The problems can be even more subtle. When Andy Boerger and I were developing the children’s series of Sherlock Ferret books, we had to come up with a villain. Someone who was smart, and pretty nasty. Our first thoughts were of ravens and crows, and then we started to pull back a bit. These birds are all black – by creating an all-black villain here, are we demonising black people? Possibly… But then Moriarty Magpie swum into our consciousness, and we had a black and white villain, who had an alliterative name, and magpies are, after all, renowned as thieves.

PiggybackSloth
Here’s Lestrade, who is a rhinoceros (though not a very big one) giving a piggy-back ride to Doctor Solomon Sloth,

Once more in Sherlock Ferret, we had a character called Doctor Solomon Sloth. All our characters wear hats, and with the name Solomon, we seriously considered giving the good doctor a hat of the type often worn by Hasidic Jews. However, Solomon is a sloth, and spends much of his time asleep.

“It’s been a very long and exhausting day. Now, if you gentlemen will excuse me, I will leave you and take a nap before I turn in for the night.”

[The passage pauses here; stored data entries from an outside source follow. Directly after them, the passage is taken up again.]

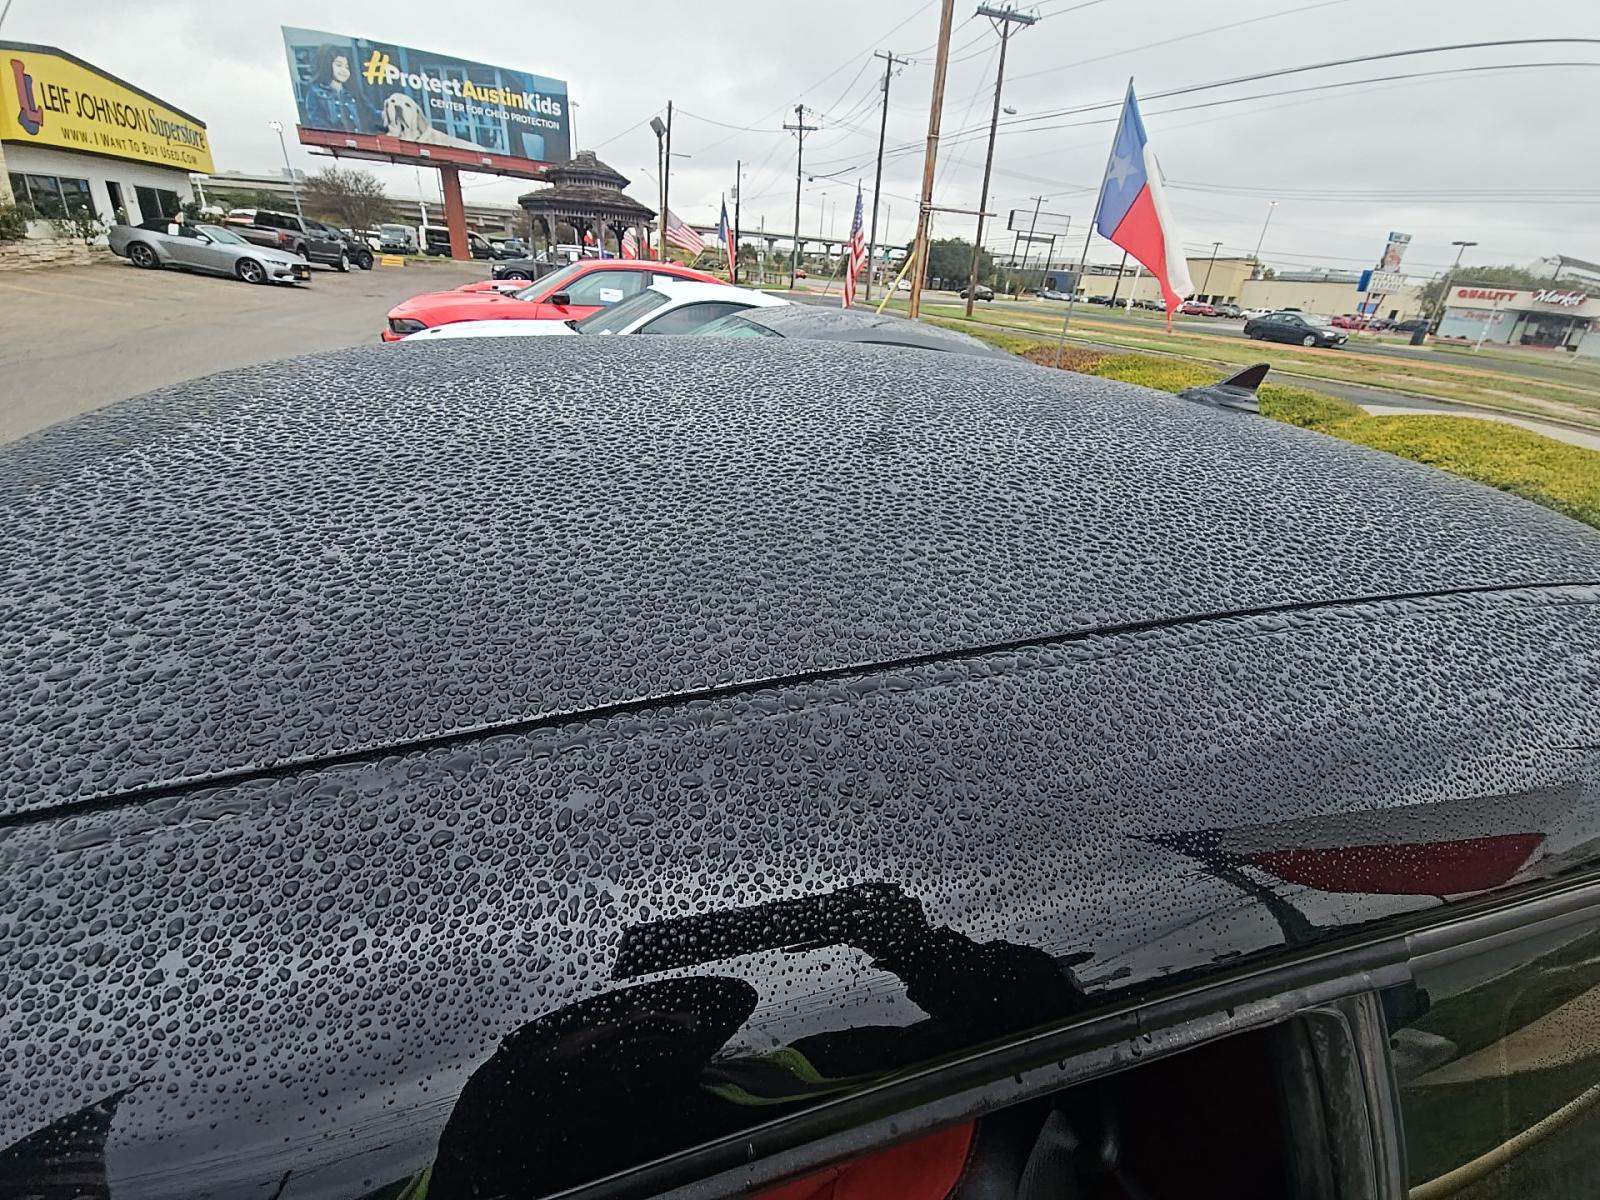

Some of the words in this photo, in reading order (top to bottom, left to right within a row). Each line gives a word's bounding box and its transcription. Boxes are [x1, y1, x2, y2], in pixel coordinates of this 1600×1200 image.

[362, 50, 562, 116] #ProtectAustinKids
[40, 82, 71, 114] LEIF
[75, 91, 149, 133] JOHNSON
[148, 107, 206, 149] Superstore
[430, 98, 464, 112] CENTER
[466, 104, 484, 115] FOR
[484, 107, 510, 120] CHILD
[511, 113, 560, 130] PROTECTION
[99, 133, 127, 151] WANT
[1457, 289, 1518, 301] QUALITY
[1534, 287, 1585, 307] Market
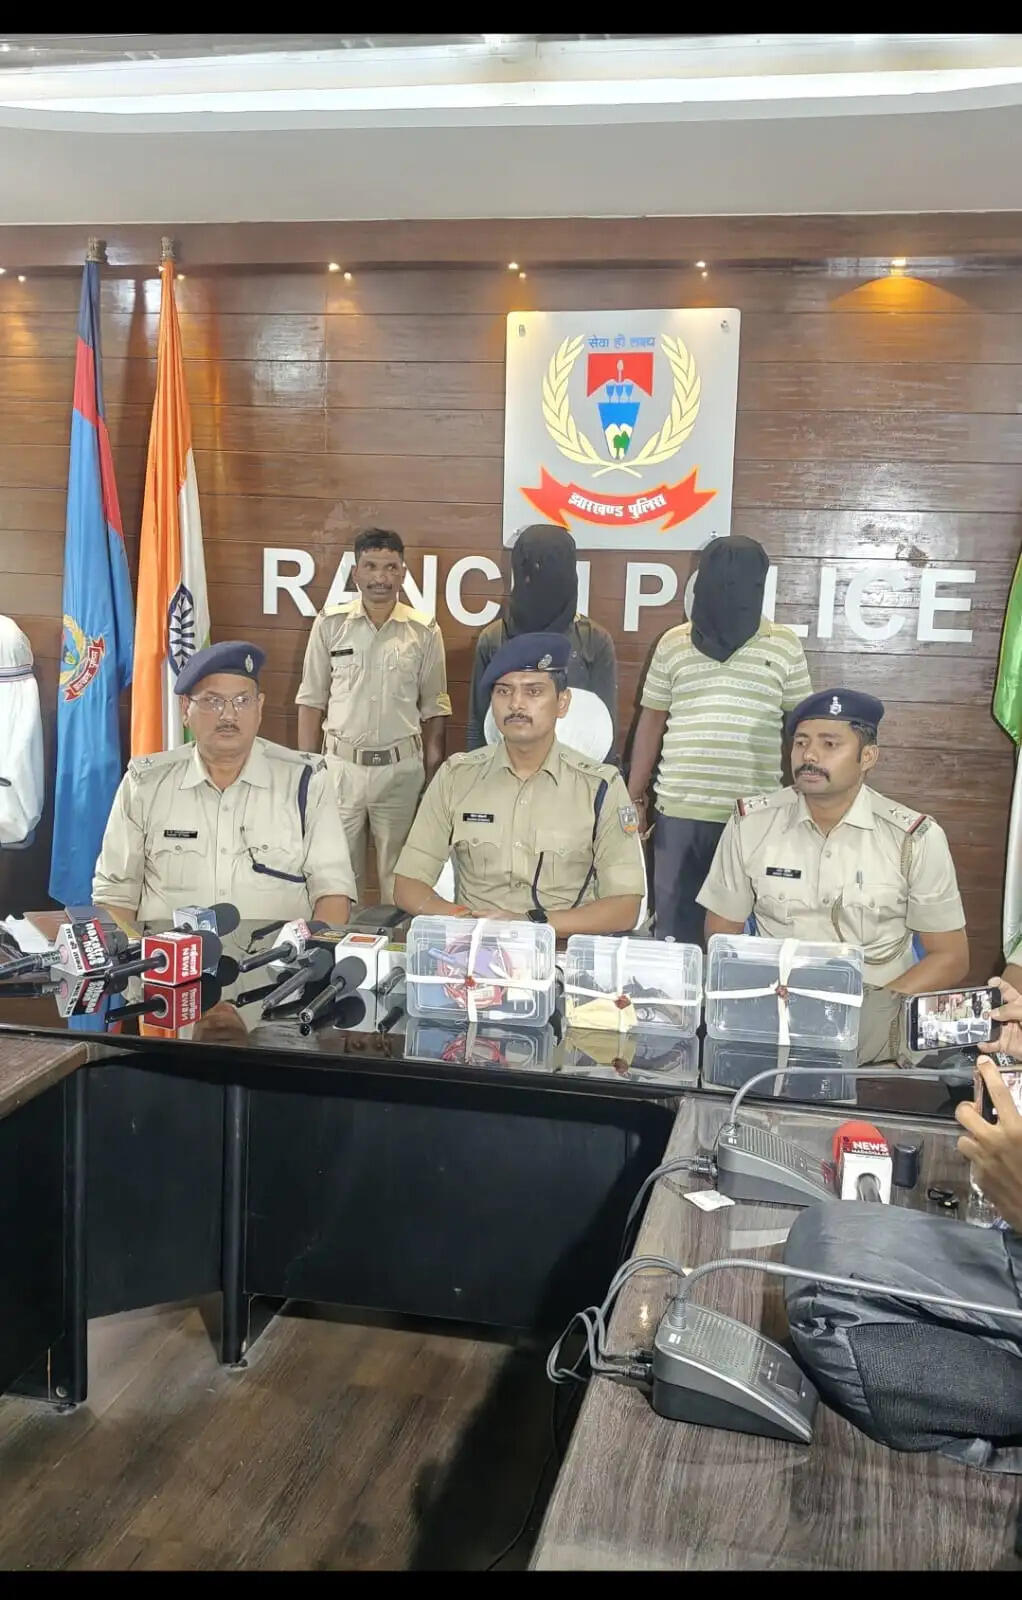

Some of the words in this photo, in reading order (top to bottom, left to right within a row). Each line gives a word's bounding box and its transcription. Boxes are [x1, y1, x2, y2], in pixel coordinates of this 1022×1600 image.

[587, 334, 609, 348] सेवा
[567, 491, 624, 517] झारखण्ड
[627, 493, 667, 520] पुलिस
[623, 562, 977, 643] PLICE
[181, 947, 190, 977] NEWS
[852, 1140, 889, 1152] NEWS
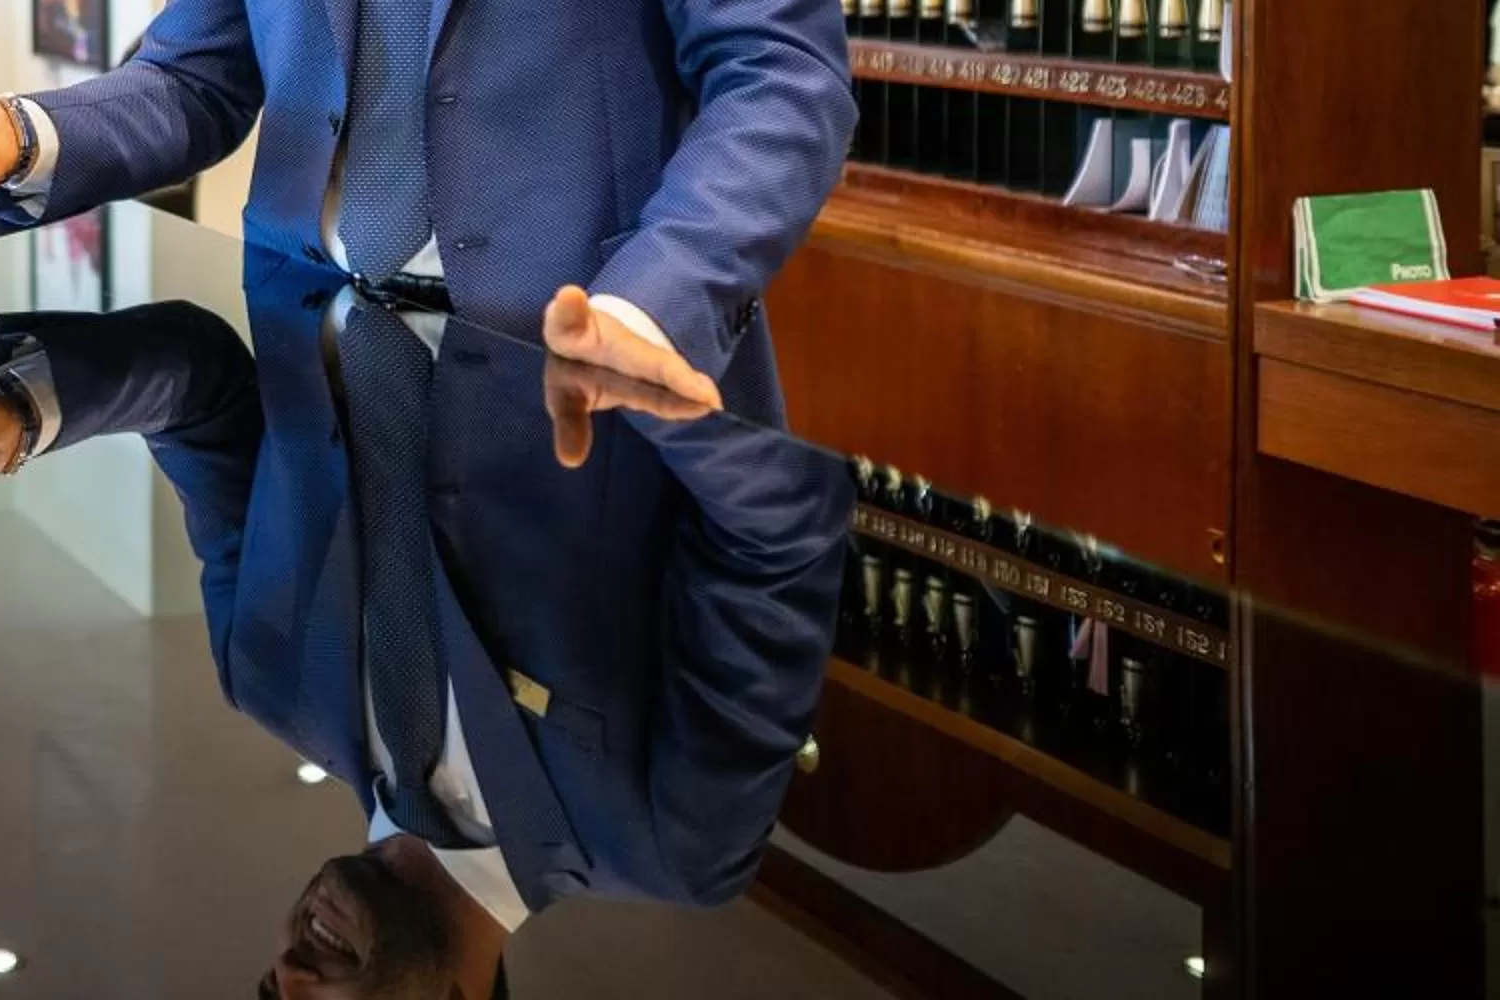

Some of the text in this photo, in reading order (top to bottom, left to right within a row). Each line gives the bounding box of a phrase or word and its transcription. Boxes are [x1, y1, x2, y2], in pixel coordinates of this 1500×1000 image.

[959, 60, 985, 82] 419
[992, 63, 1021, 86] 420
[1023, 66, 1049, 89] 421
[1059, 71, 1090, 92] 422
[1096, 75, 1127, 99] 423
[1135, 78, 1169, 104] 424
[1172, 82, 1206, 107] 425
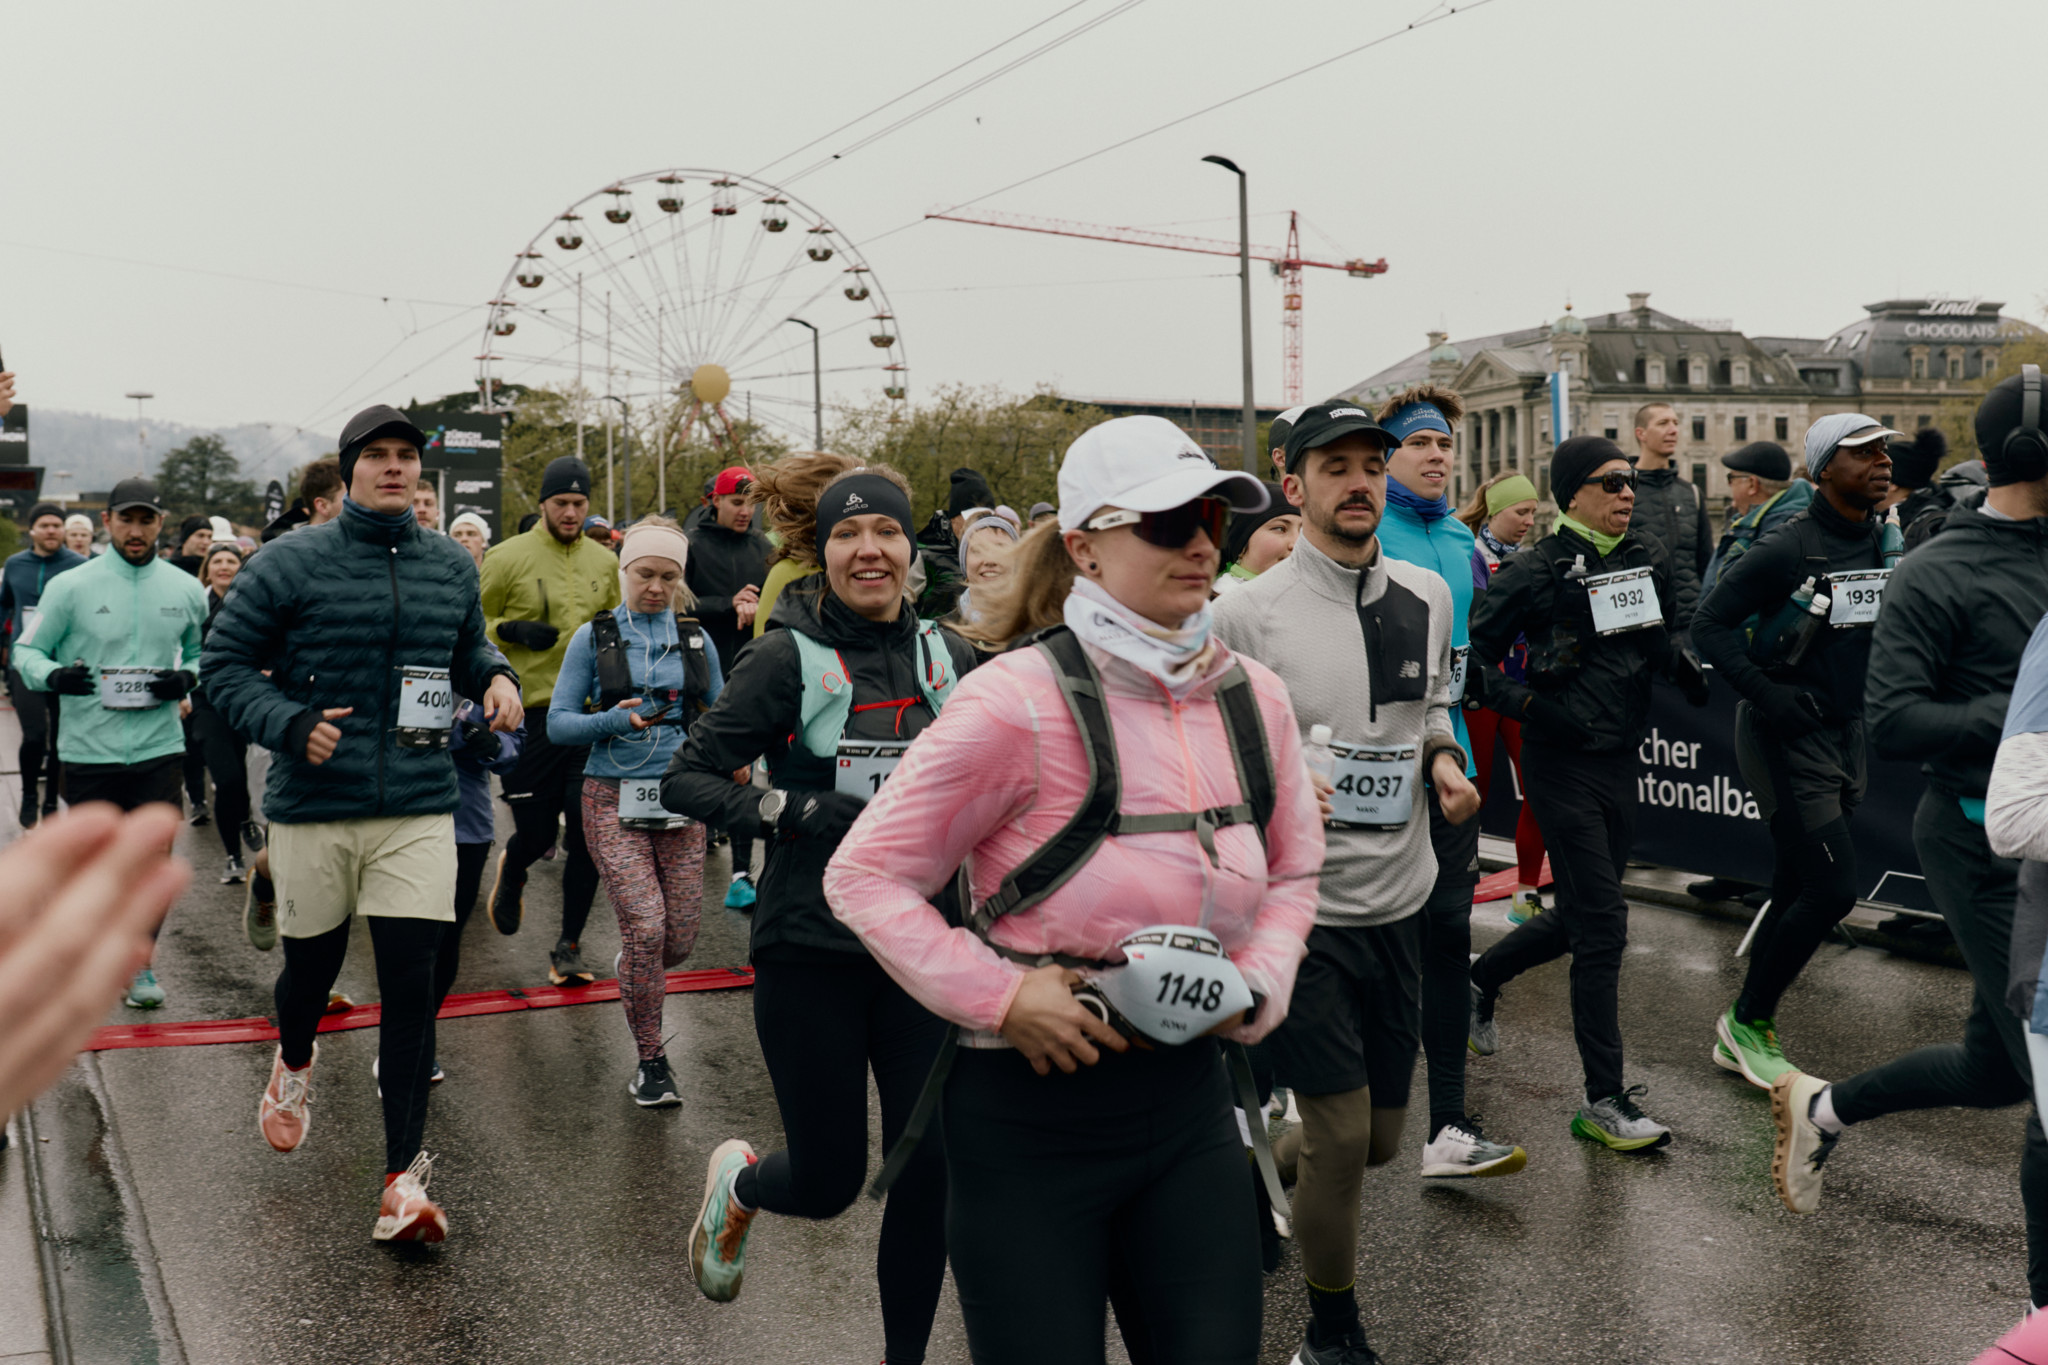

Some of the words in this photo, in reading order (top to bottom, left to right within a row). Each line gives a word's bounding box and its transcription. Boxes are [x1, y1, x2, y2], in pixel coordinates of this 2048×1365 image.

If we made him obviously Jewish, would we be giving the impression that we thought Jews were lazy? Quite possibly, we thought, and changed the hat to something a little less identifiable.

But it’s not just racial PC that an author must consider – there are sexual and gender-preferential matters to be considered. Again, in Beneath Gray Skies, I use the term “queer” to describe homosexuality, that term being period-authentic. However, Balance of Powers has one (female) protagonist who is gay, and my Untime series, although related by a man, features a female character who is stronger and more intelligent than any of the male characters. But these weren’t conscious decisions – these were just the way that the characters presented themselves to me.

And as far as “bad” language is concerned, some of my characters, like some people in real life, use it a lot, and others, like others in real life, don’t.

And in the end, this is what you as an author must do, I feel – be true to the characters that you create, whether or not you like what they are or what they represent to you.